■ Your objective
Each line in the data must be reproduced as written, except for any picture.

■ Dataset extract
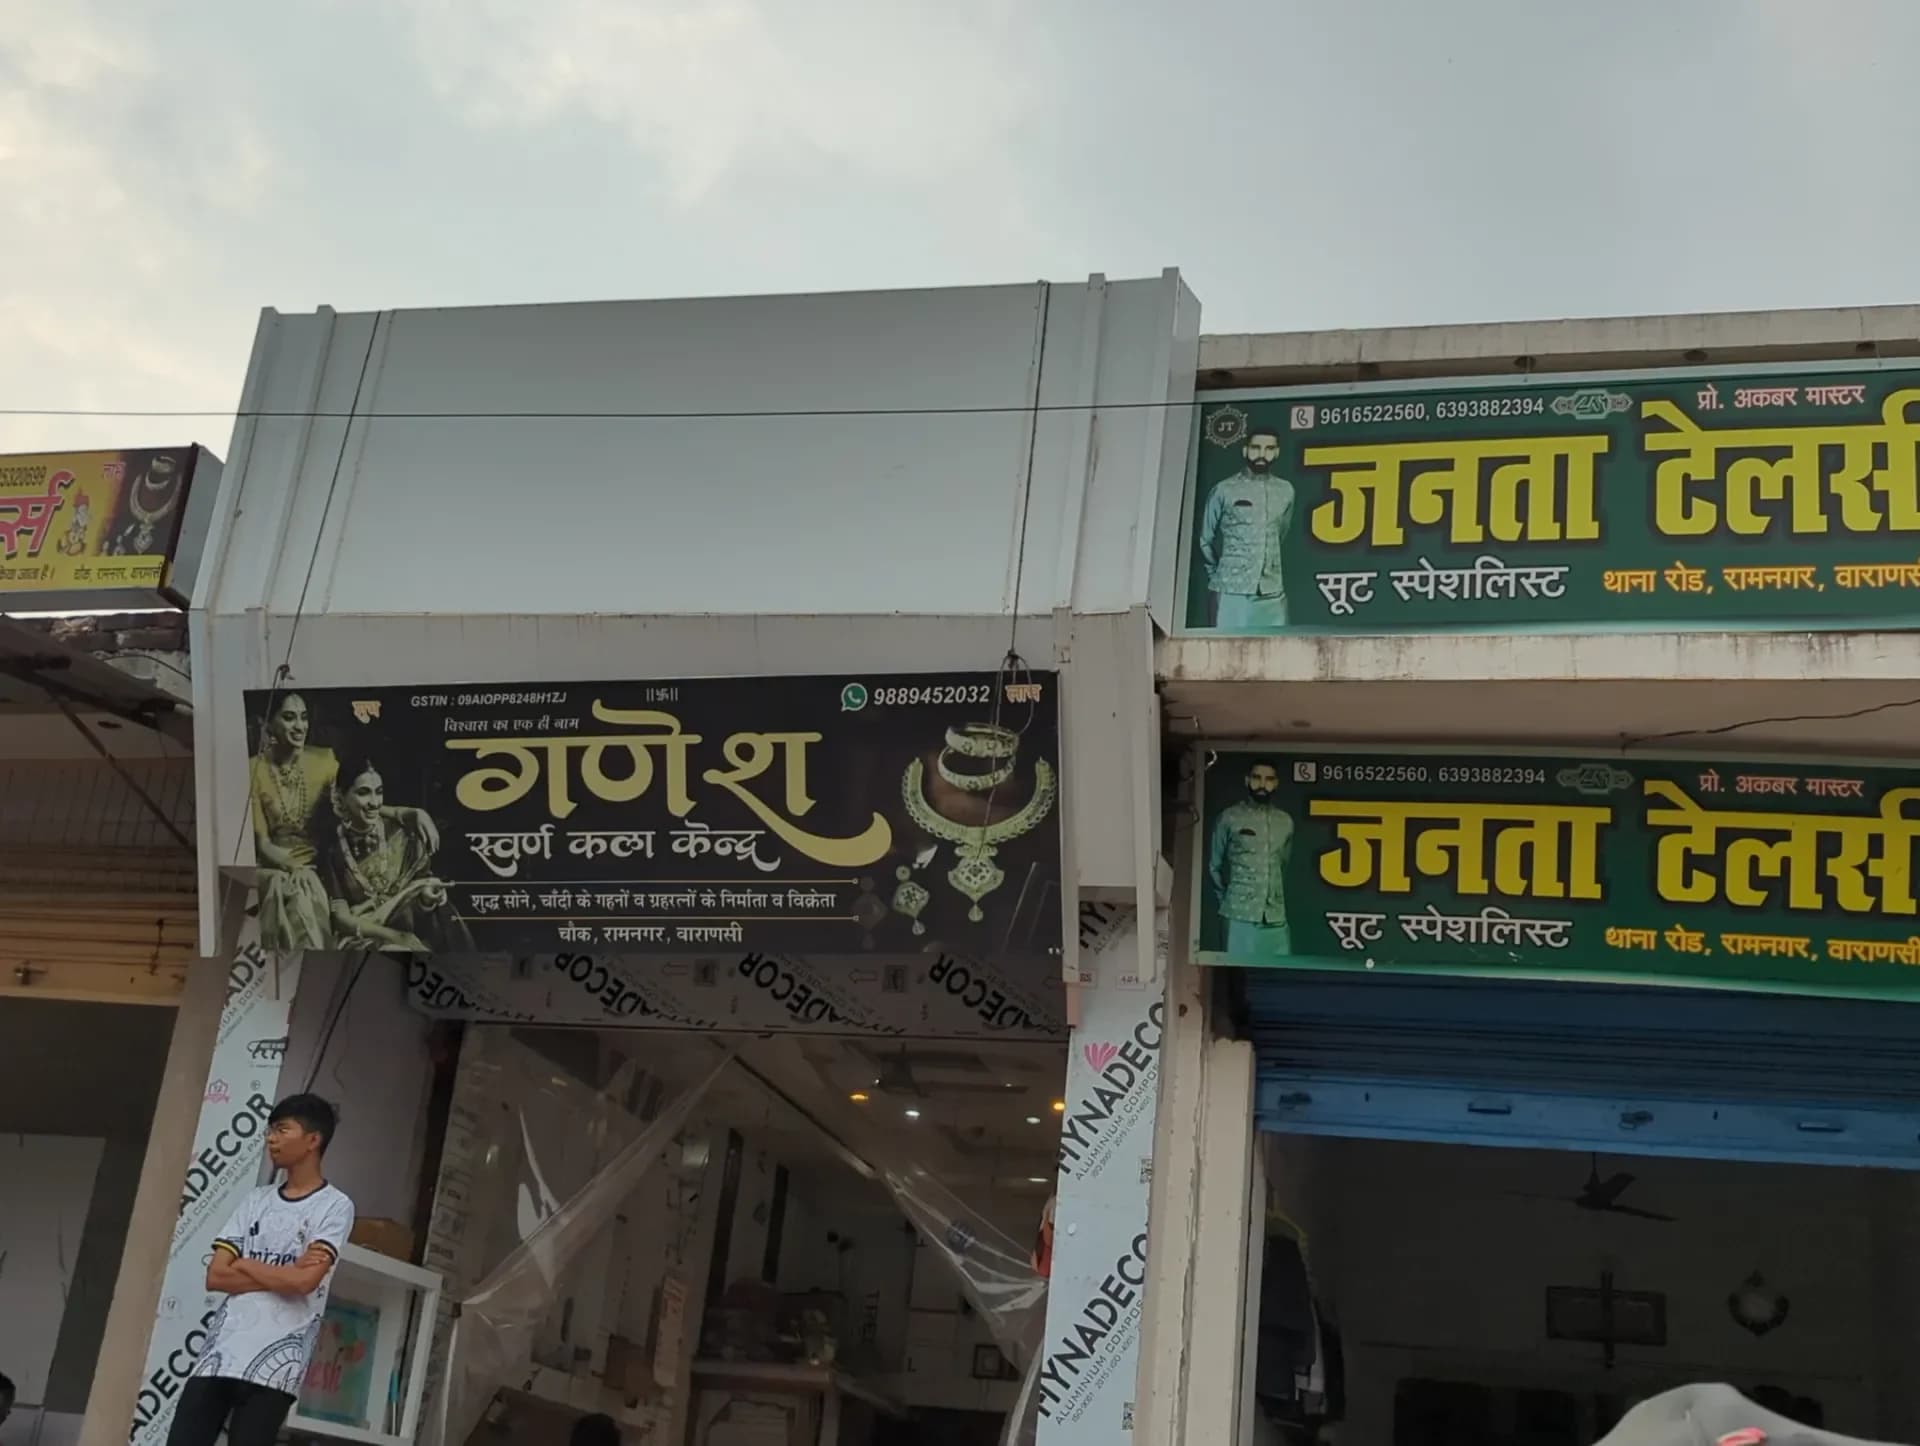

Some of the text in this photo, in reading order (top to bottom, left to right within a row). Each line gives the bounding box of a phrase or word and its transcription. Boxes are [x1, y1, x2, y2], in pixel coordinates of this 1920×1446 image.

[1320, 402, 1430, 424] 9616522560,
[1436, 398, 1544, 419] 6393882394
[1697, 384, 1866, 410] प्रो. अकबर मास्टर
[1304, 435, 1608, 547] जनता
[1316, 554, 1570, 616] सूट स्पेशलिस्ट
[1603, 557, 1920, 595] थाना रोड, रामनगर, वाराणस
[410, 695, 448, 707] GSTIN
[874, 686, 990, 706] 9889452032
[444, 714, 580, 733] विश्वास का एक ही नाम
[445, 698, 892, 868] गणेश
[1323, 764, 1432, 784] 9616522560,
[1438, 766, 1546, 785] 6393882394
[1700, 768, 1864, 797] प्रो. अकबर मास्टर
[465, 818, 782, 878] स्वर्ण कला केन्द्र
[1310, 799, 1611, 900] जनता
[471, 893, 500, 914] शुद्ध
[575, 889, 591, 909] के
[594, 889, 630, 911] गहनों
[633, 893, 645, 908] व
[700, 889, 717, 909] के
[720, 889, 768, 909] निर्माता
[771, 893, 784, 909] व
[787, 889, 837, 909] विक्रेता
[602, 926, 671, 945] रामनगर,
[676, 921, 743, 943] वाराणसी
[1326, 904, 1573, 950] सूट स्पेशलिस्ट
[1605, 926, 1657, 950] थाना
[1664, 923, 1712, 956] रोड,
[1720, 933, 1819, 962] रामनगर,
[1056, 997, 1166, 1176] HYNADECO
[180, 1091, 274, 1213] ADECOR
[1037, 1225, 1147, 1419] HYNADECO

■ Finished exercise
Some of the text in this photo, in reading order (top to bottom, left to right within a row). Each line gives the bounding box of a phrase or word and its transcription. Boxes are [x1, y1, x2, y2], in pixel coordinates of this 1920×1446 image.

[1320, 402, 1430, 424] 9616522560,
[1436, 398, 1544, 419] 6393882394
[1697, 384, 1866, 410] प्रो. अकबर मास्टर
[1304, 435, 1608, 547] जनता
[1316, 554, 1570, 616] सूट स्पेशलिस्ट
[1603, 557, 1920, 595] थाना रोड, रामनगर, वाराणस
[410, 695, 448, 707] GSTIN
[874, 686, 990, 706] 9889452032
[444, 714, 580, 733] विश्वास का एक ही नाम
[445, 698, 892, 868] गणेश
[1323, 764, 1432, 784] 9616522560,
[1438, 766, 1546, 785] 6393882394
[1700, 768, 1864, 797] प्रो. अकबर मास्टर
[465, 818, 782, 878] स्वर्ण कला केन्द्र
[1310, 799, 1611, 900] जनता
[471, 893, 500, 914] शुद्ध
[575, 889, 591, 909] के
[594, 889, 630, 911] गहनों
[633, 893, 645, 908] व
[700, 889, 717, 909] के
[720, 889, 768, 909] निर्माता
[771, 893, 784, 909] व
[787, 889, 837, 909] विक्रेता
[602, 926, 671, 945] रामनगर,
[676, 921, 743, 943] वाराणसी
[1326, 904, 1573, 950] सूट स्पेशलिस्ट
[1605, 926, 1657, 950] थाना
[1664, 923, 1712, 956] रोड,
[1720, 933, 1819, 962] रामनगर,
[1056, 997, 1166, 1176] HYNADECO
[180, 1091, 274, 1213] ADECOR
[1037, 1225, 1147, 1419] HYNADECO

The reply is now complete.